I have never shared a Mother's Day with my mother as she died before I became one. I also never lived in the same town as my mother-in-law, so other than a phone call, the holiday has always been mine alone. This may not have been in my favor as it allowed me to make it all about me. For probably the first 20+ years I celebrated Mother's Day my dear husband tried to make it special for me, but my expectations were absurd. He also frequently had to work and so getting the day "off" for either of us wasn't working very well.
Several years back I mentioned to my kids that I wanted a 4 slice toaster for Mother's Day - unfortunately my sarcasm was lost on them and they were so excited when Mark presented this present to me. I stared back and very ungraciously said - seriously a toaster.
I finally decided that my husband was the most wonderful father and generous husband and that giving him a bad time for being a less than perfect gift giver said more about what an ungrateful person I was than whether or not he appreciated me.
The best gift we gave ourselves was no gifts at all. We either buy something for ourselves or just go out for dinner and a movie or sometimes spend a night in a motel - all better than stressing out trying to buy just that right thing.

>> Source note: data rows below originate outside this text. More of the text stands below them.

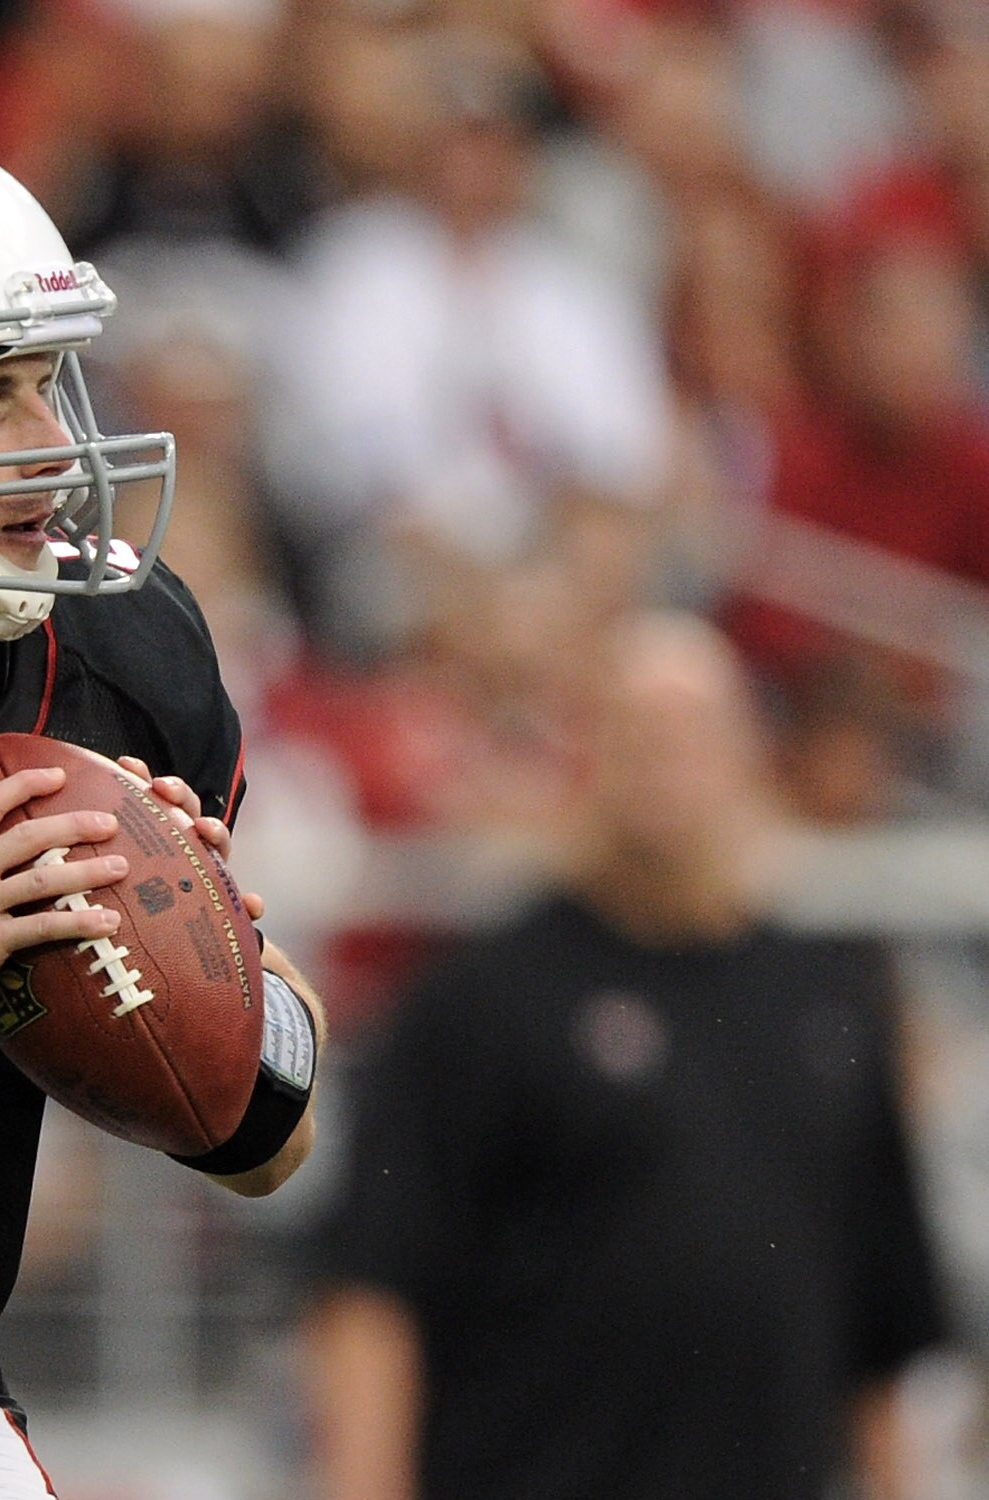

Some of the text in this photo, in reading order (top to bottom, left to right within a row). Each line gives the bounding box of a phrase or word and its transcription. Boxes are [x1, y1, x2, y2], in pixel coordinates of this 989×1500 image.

[34, 269, 82, 293] Riddel
[170, 826, 226, 913] FOOTBALL
[222, 917, 252, 1010] NATIONAL
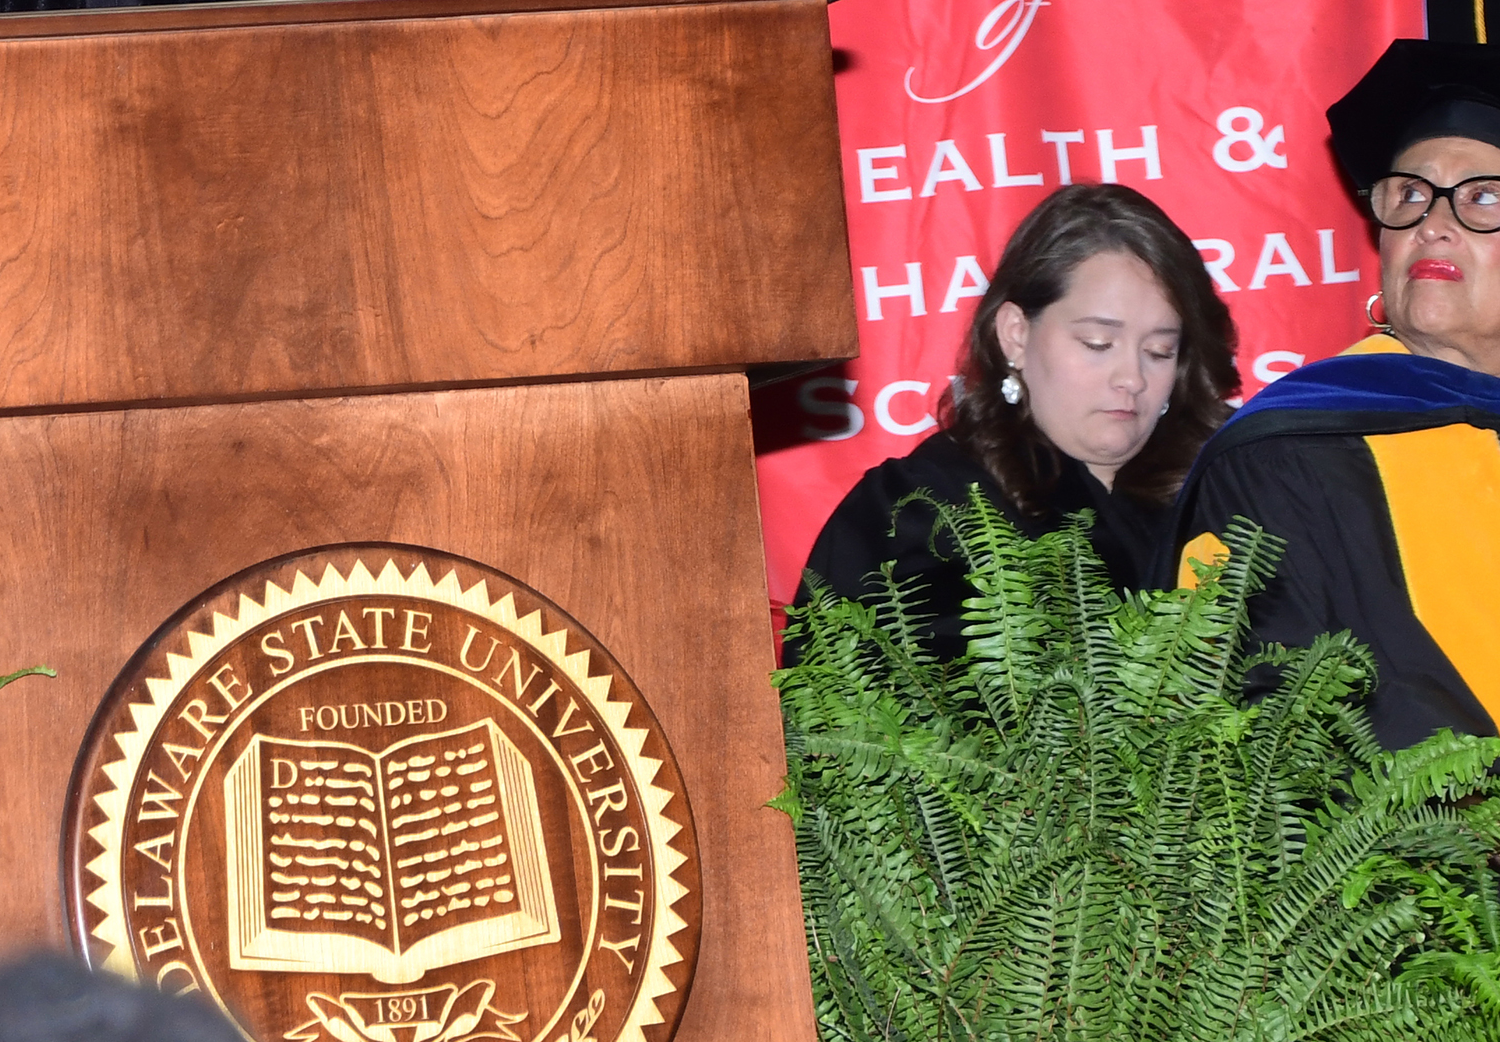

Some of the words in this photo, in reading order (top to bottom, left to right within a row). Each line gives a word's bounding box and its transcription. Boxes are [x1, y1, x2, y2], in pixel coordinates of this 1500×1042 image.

[857, 125, 1163, 203] EALTH
[1213, 107, 1287, 172] &
[299, 698, 448, 732] FOUNDED
[261, 607, 433, 677] STATE
[459, 623, 645, 975] UNIVERSITY
[374, 996, 429, 1025] 1891
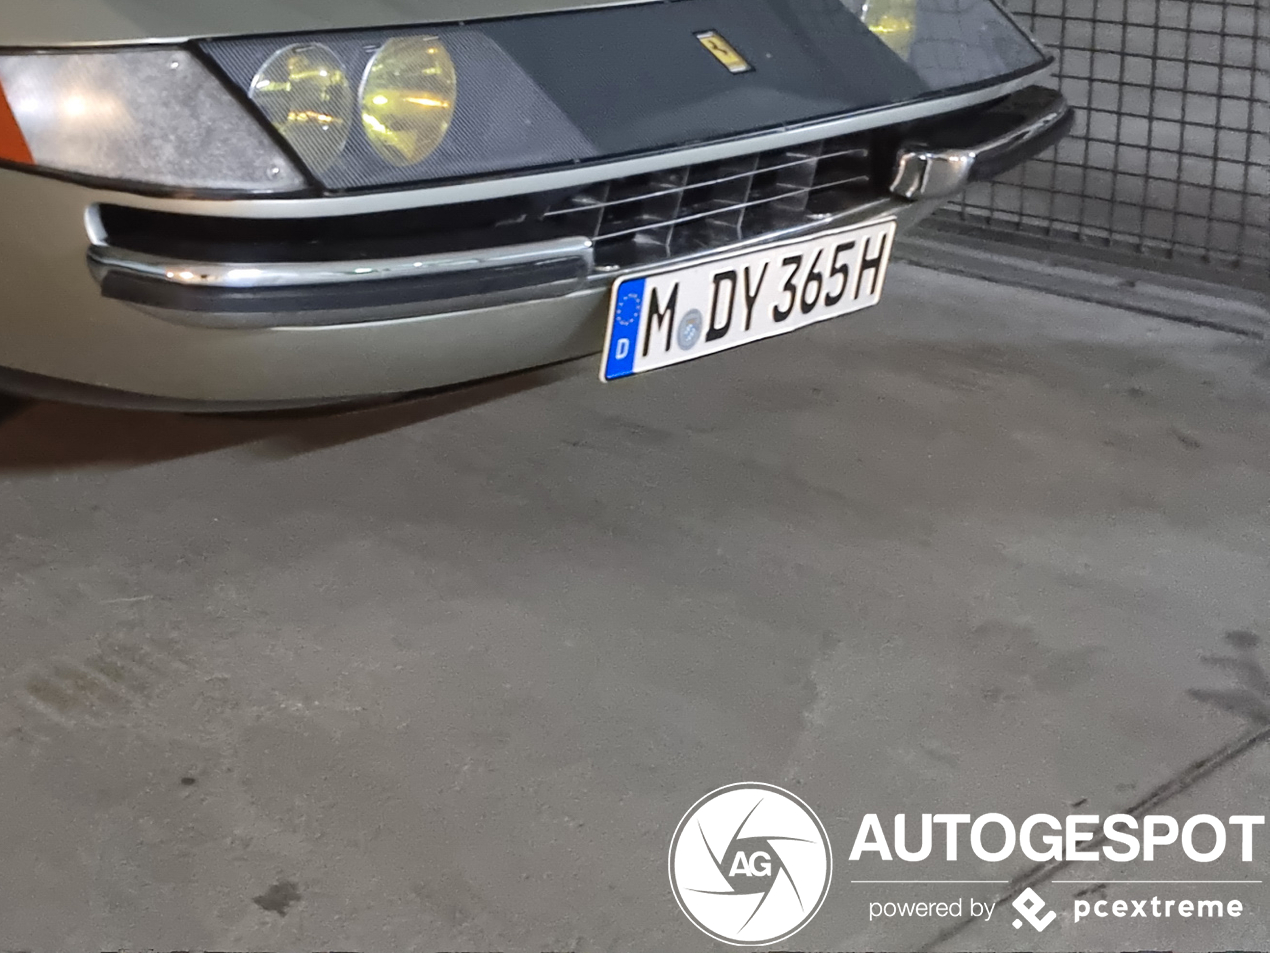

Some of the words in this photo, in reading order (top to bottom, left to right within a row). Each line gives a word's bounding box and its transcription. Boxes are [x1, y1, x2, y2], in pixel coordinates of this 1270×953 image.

[642, 282, 680, 357] M
[705, 261, 771, 342] DY
[772, 231, 888, 323] 365H
[615, 338, 630, 360] D

However, this year he about busted a gut with excitement, although I was clueless, when he presented me with the most generous gift ever - a laptop computer. Not just any laptop, but a MacBook Air. I've been waxing poetic about that book I'm going to write someday and how it would be so much easier if I just had a laptop I could use. Well, here it is and now the pressure is on. Not from number one husband, but from myself.
This present totally makes up for the toaster - I pinky swear promise to never mention it again. Oh my goodness, how in heavens name can I match this for Father's Day - yikes!